** Given entries follows **

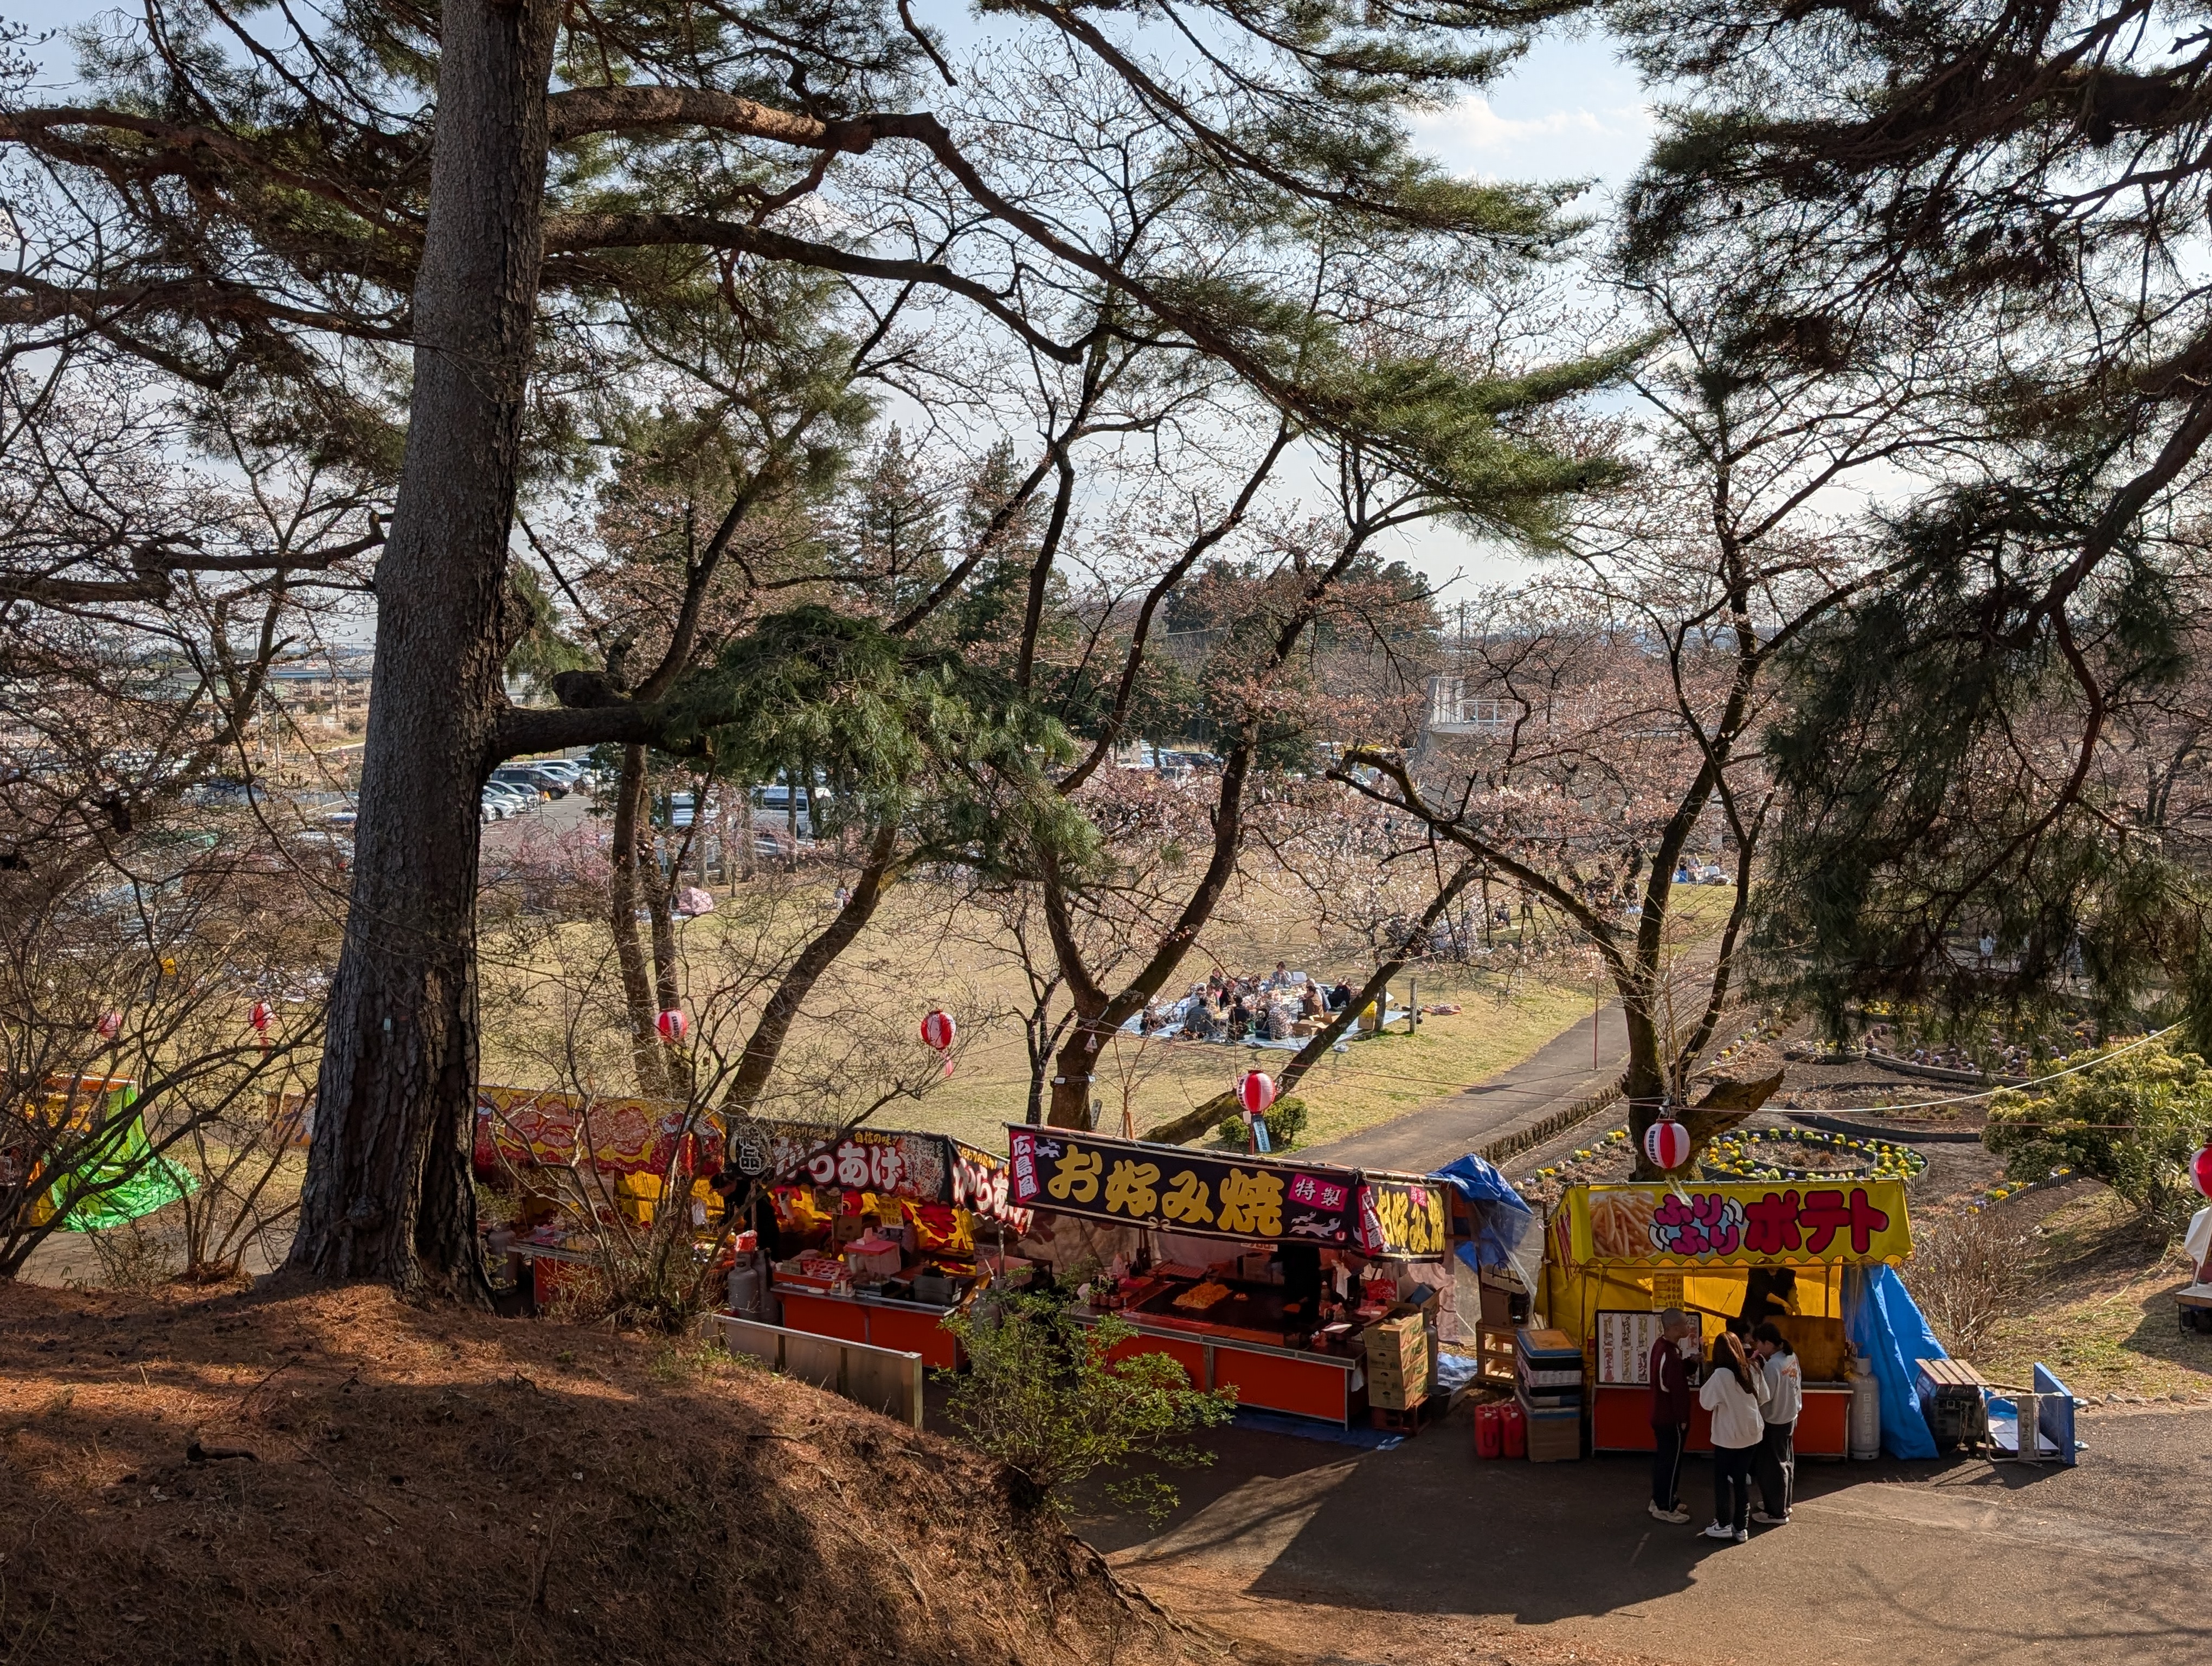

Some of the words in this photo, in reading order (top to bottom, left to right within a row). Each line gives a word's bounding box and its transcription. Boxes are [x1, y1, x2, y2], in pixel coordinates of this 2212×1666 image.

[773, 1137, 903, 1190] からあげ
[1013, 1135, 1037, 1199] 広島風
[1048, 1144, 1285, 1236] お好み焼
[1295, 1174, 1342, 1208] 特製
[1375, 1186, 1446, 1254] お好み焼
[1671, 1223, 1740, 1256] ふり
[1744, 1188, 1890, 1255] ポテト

** End of Given entries **

Task item —
Please print every record exactly, leaving out the pictures.

Task response —
Some of the words in this photo, in reading order (top to bottom, left to right within a row). Each line gives a word's bounding box and its transcription. Boxes are [x1, y1, x2, y2], in pixel coordinates of this 2212×1666 image.

[773, 1137, 903, 1190] からあげ
[1013, 1135, 1037, 1199] 広島風
[1048, 1144, 1285, 1236] お好み焼
[1295, 1174, 1342, 1208] 特製
[1375, 1186, 1446, 1254] お好み焼
[1671, 1223, 1740, 1256] ふり
[1744, 1188, 1890, 1255] ポテト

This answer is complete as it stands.